How can I enforce utf8 in the struts1 taglib?

I've got now a the most wonderful task, the dream of all programmers. There is a roughly 15 year old software here, and I only have to fix "some bugs" in it. 32 bit java6, tomcat6, non-unicode source code, ant build system, and everything what I can only "like".

Note, I have power only over a .war file, thus server-side settings aren't okay.

Solution

Your main problem lies likely in the <bean:message> tag, although also other tags may be problematic.

The Java core supports utf8 since its very early alpha days, but unfortunately there is an exception in the handling of .properties files. These files are interpreted always an iso8859-1 by the JDK API calls.
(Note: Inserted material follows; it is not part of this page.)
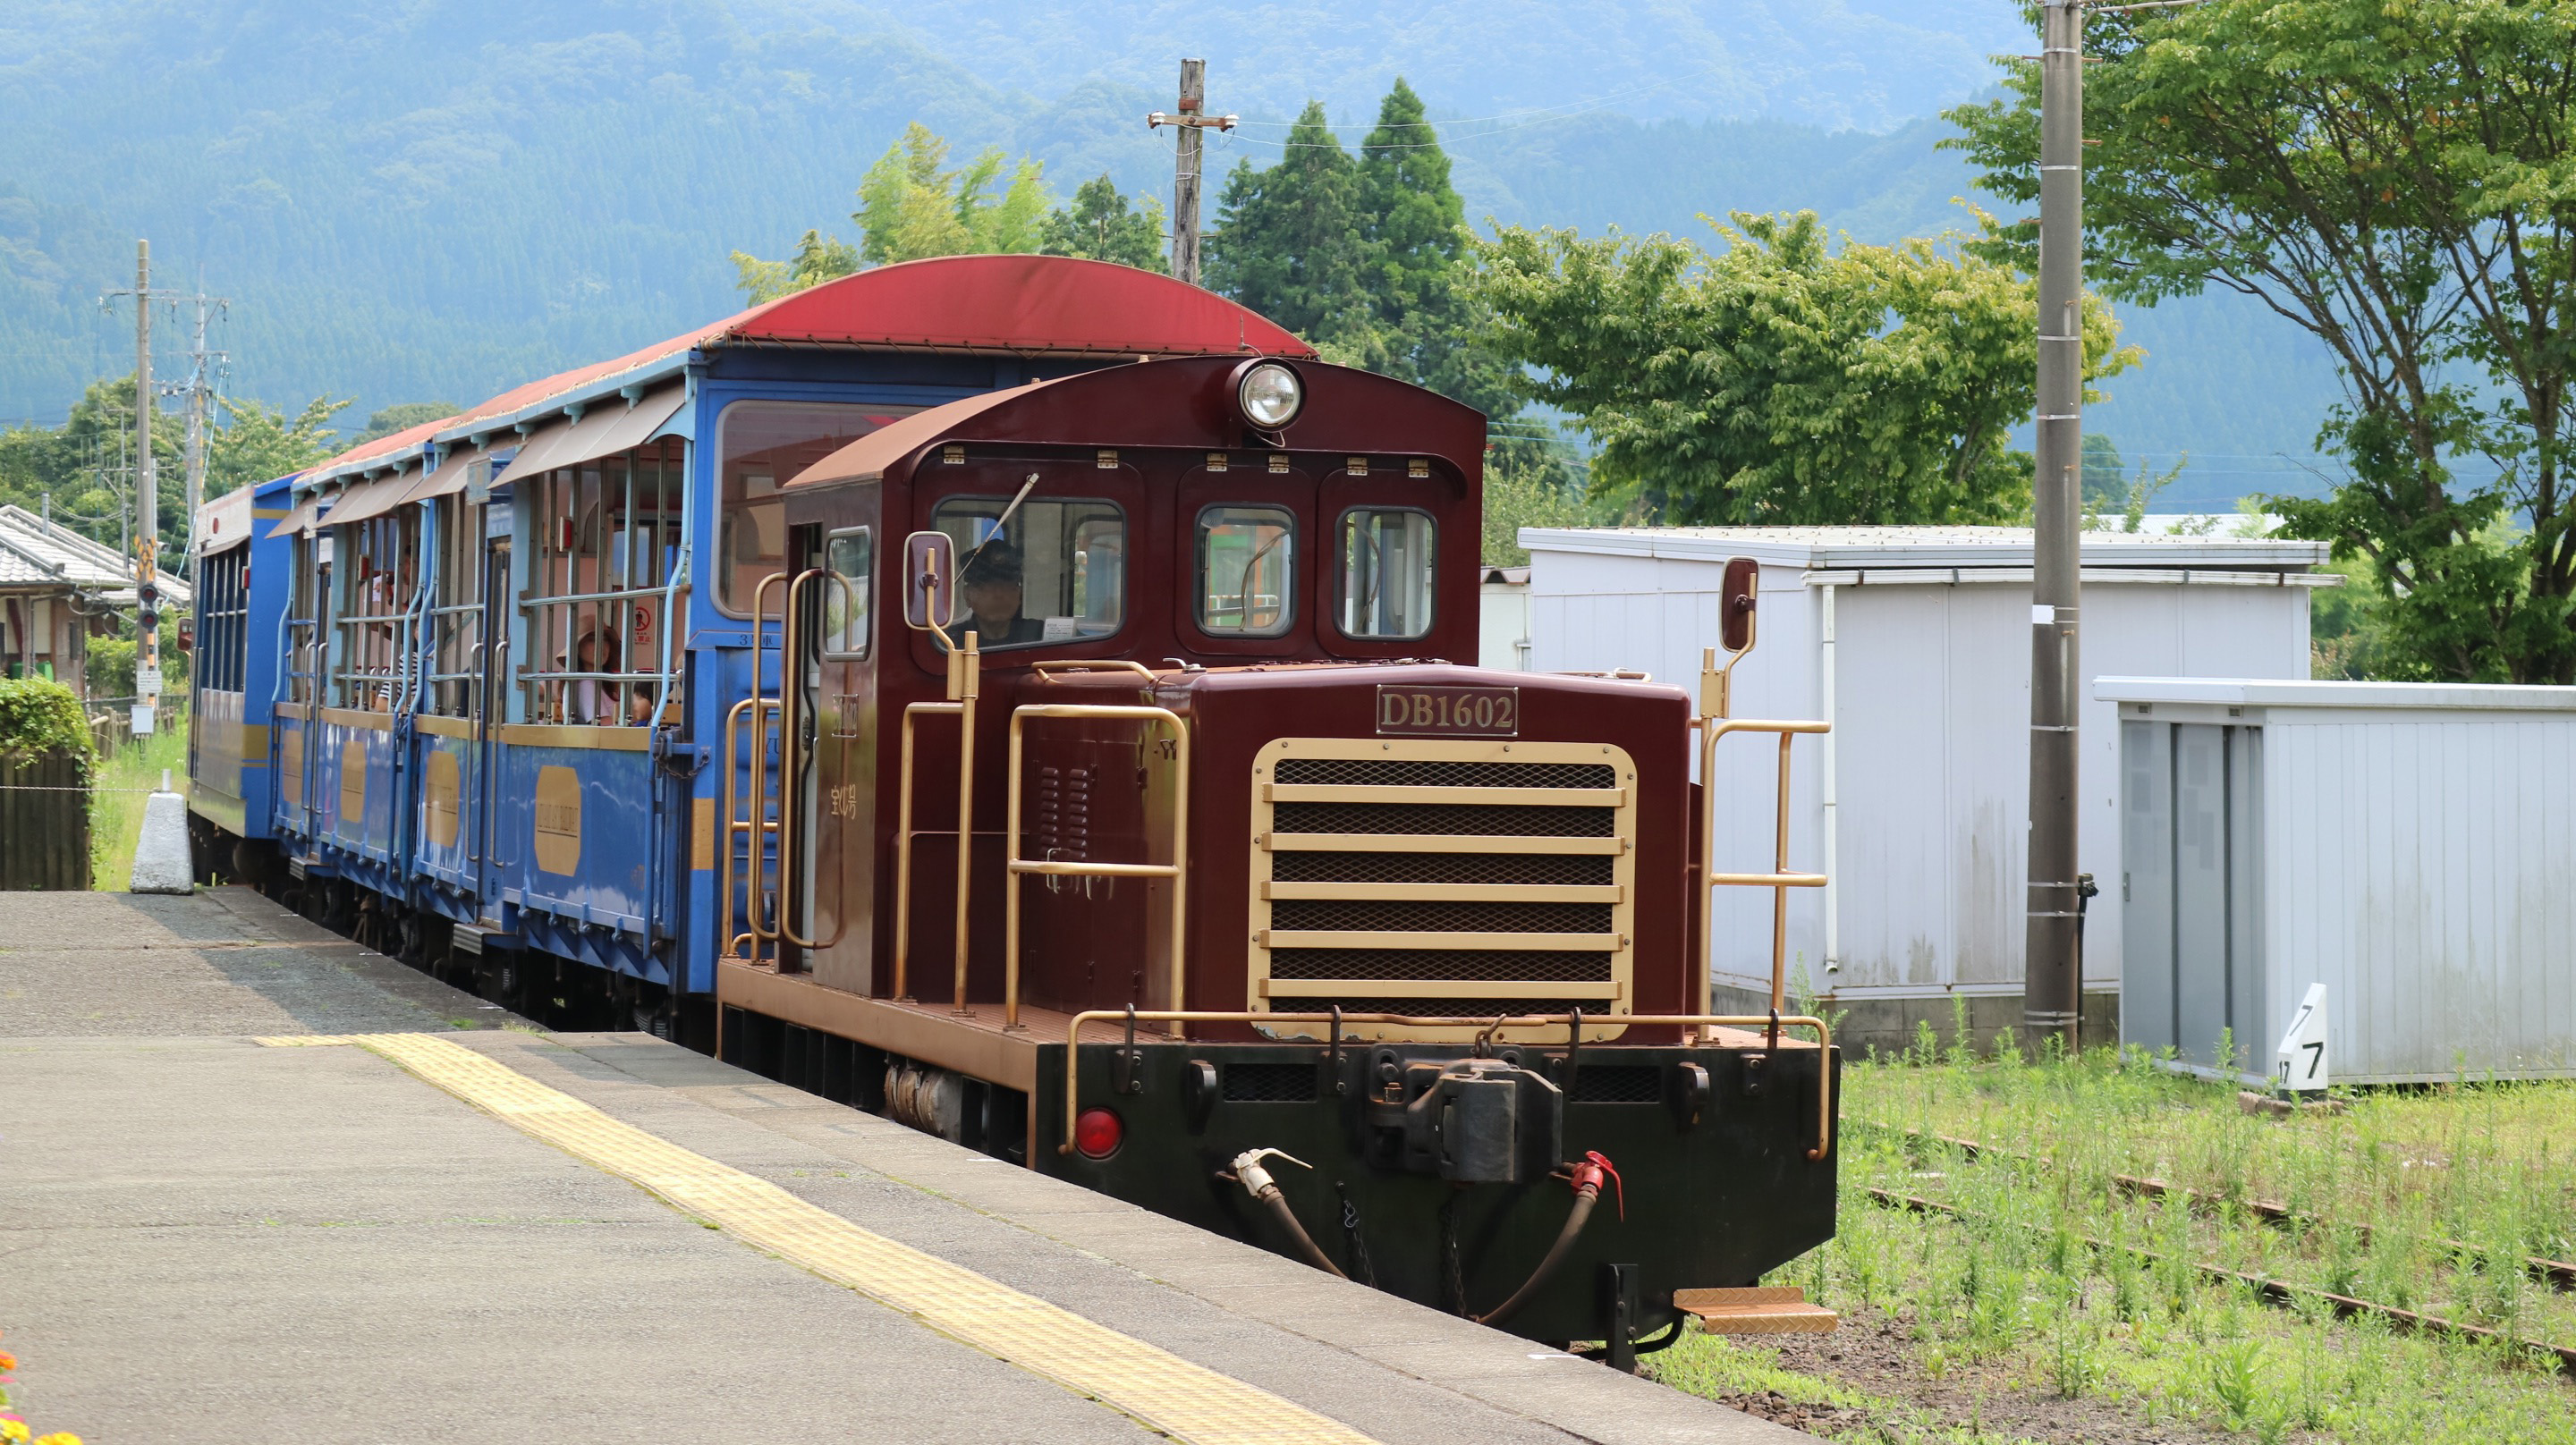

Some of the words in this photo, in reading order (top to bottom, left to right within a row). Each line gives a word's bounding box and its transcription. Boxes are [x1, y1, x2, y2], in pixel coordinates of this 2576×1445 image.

The Struts1 taglibs use i18n strings addressed by keys, stored in *.properties files. Digging a little bit into the struts1 source, I've found these:

It reads the .properties files with the JDK calls, thus always in iso8859-1. It is deeply hardwired into the code, there is no way to change it.
There is a locale or localeKey parameter in the struts 1, which can be changed by various system.properties or web.xml settings, the .properties will be still read always as iso8859-1. This locale/localekey only adds an extra extension to the actually interpreted properties file.
There is no way to change it, without forking/duplicating the corresponding part of the struts1, and enforcing some non-standard thing into the JDK Properties headers to enforce the standards to their conventions. It is not a very convenient thing in the case of such a relic code.
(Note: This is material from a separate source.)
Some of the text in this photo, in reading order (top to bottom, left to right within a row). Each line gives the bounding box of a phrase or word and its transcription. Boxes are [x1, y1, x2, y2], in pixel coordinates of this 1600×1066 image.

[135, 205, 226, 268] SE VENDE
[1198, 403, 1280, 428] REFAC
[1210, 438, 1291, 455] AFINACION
Although the struts and the other parts of your system (for example, the JSP parser/interpreter) does already some conversion as needed, so this iso8859-1 text will be converted to utf8, if your JSP pages are correctly set up (meta headers and so on).

Furthermore, the property reader uses a - similarly hardwired, undisable - feature, to have a little support for utf8. It accepts utf8 characters in the form \uC0DE. Thus, after a \u or \U (case insensitive), you can give a 16-bit hexa value, which can be and unicode character.

It has to be always 16 bit long, other lengths are not allowed, but these are already case insensitive.

Thus,

my.property.key=árvíztűrő tükörfúrógép

...encoded as utf8, won't work, it will be interpreted as iso8859-1.

You can enter this string as iso8859-1. It can't work, because some of the accents don't have an iso8859-1 mapping, i.e. they don't exist in the iso8859-1 encoding.

However, if you encode it into the above described format:

my.property.key=\u00E1rv\u00EDzt\u0171r\u0151 t\u00FCk\u00F6rf\u00FAr\u00F3g\u00E9p

then yes, it will work!

To do this conversion, the Sun had a native2ascii tool, which is unreachable today. You have to dig this tool from some archive on the net, or find a different one.

On Linux, there is a tool named uni2ascii (on debian-based distributions, you can install it with apt-get install uni2ascii), which does the correct conversion. The correct parameters are:

uni2ascii -a U myfile.properties

The result goes to the stdout.

It is up to you, how do you integrate it into your build system (some ant/maven exec module, or simply use it on change every time, manually).